2002-12-04 Thread Dave Page


 -Original Message-
 From: Marc G. Fournier [mailto:[EMAIL PROTECTED]] 
 Sent: 04 December 2002 13:56
 To: Dave Page
 Cc: Peter Eisentraut; Justin Clift; Bruce Momjian; 
 PostgreSQL-development
 Subject: RE: [HACKERS] [GENERAL] PostgreSQL Global 
 Development Group Announces
 
 
 On Wed, 4 Dec 2002, Dave Page wrote:
 
   And I'll pre-empt *that* with the volume of email isn't 
 changing, 
   only the ability to filter that email ... the purpose of the 
   -advocacy list is to focus on how to better market the 
 software ... 
   not through stuff like advertising, but how do we provide 
   information to debunk alot of the out-dated myths that 
 still float 
   around ...
 
  Which is perfectly fine, but as one of the web site developers, I 
  don't want to have to sit in on all the marketing threads 
 to know what 
  they want done with the websites.
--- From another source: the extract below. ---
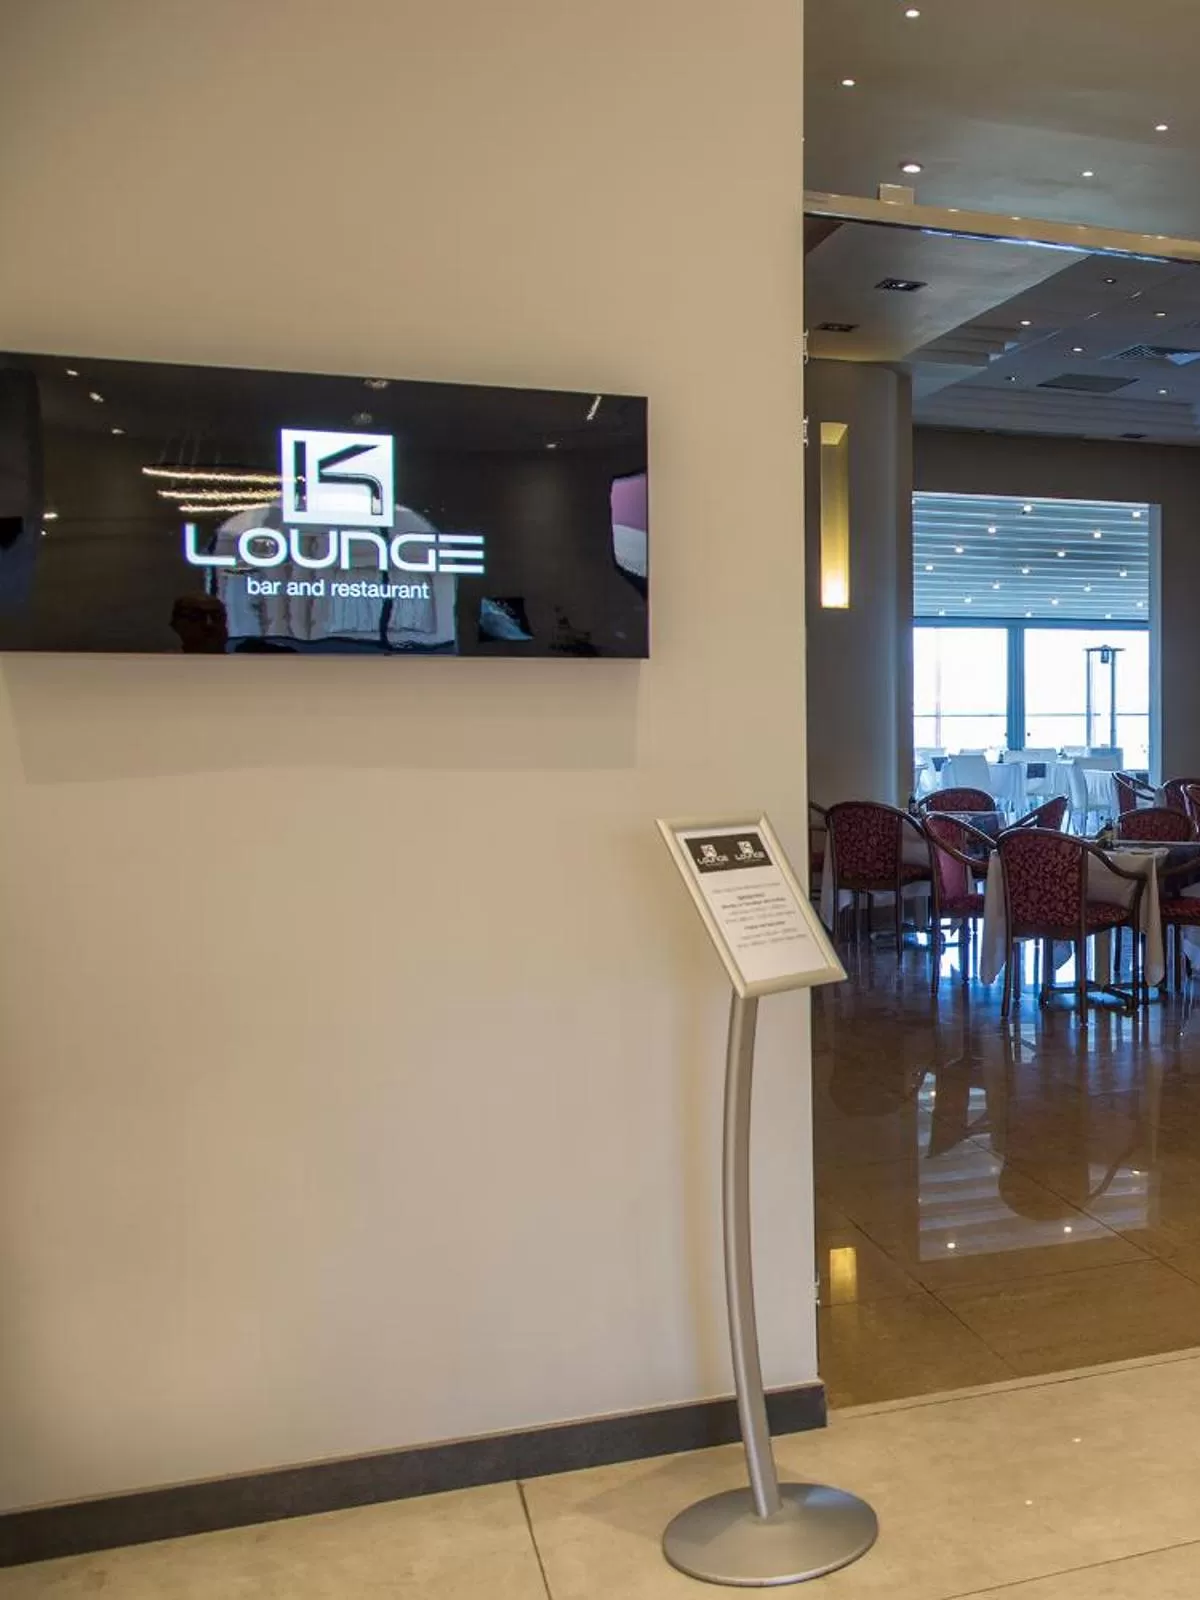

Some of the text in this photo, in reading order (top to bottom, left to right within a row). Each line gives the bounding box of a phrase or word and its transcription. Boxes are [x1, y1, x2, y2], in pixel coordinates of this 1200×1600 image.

Instead I'd rather the 
 discussions 
  are summarized by one the the guys there 
 (you/Justin/Bruce?), and they 
  present that to -www and say 'this is what we think is good, please 
  make it happen', at which point I can start coding.
 
 Ah, okay, that makes sense ... sort of allocate a 'liason' 
 between the groups ... ?

Sounds spot on to me. 

Regards, Dave.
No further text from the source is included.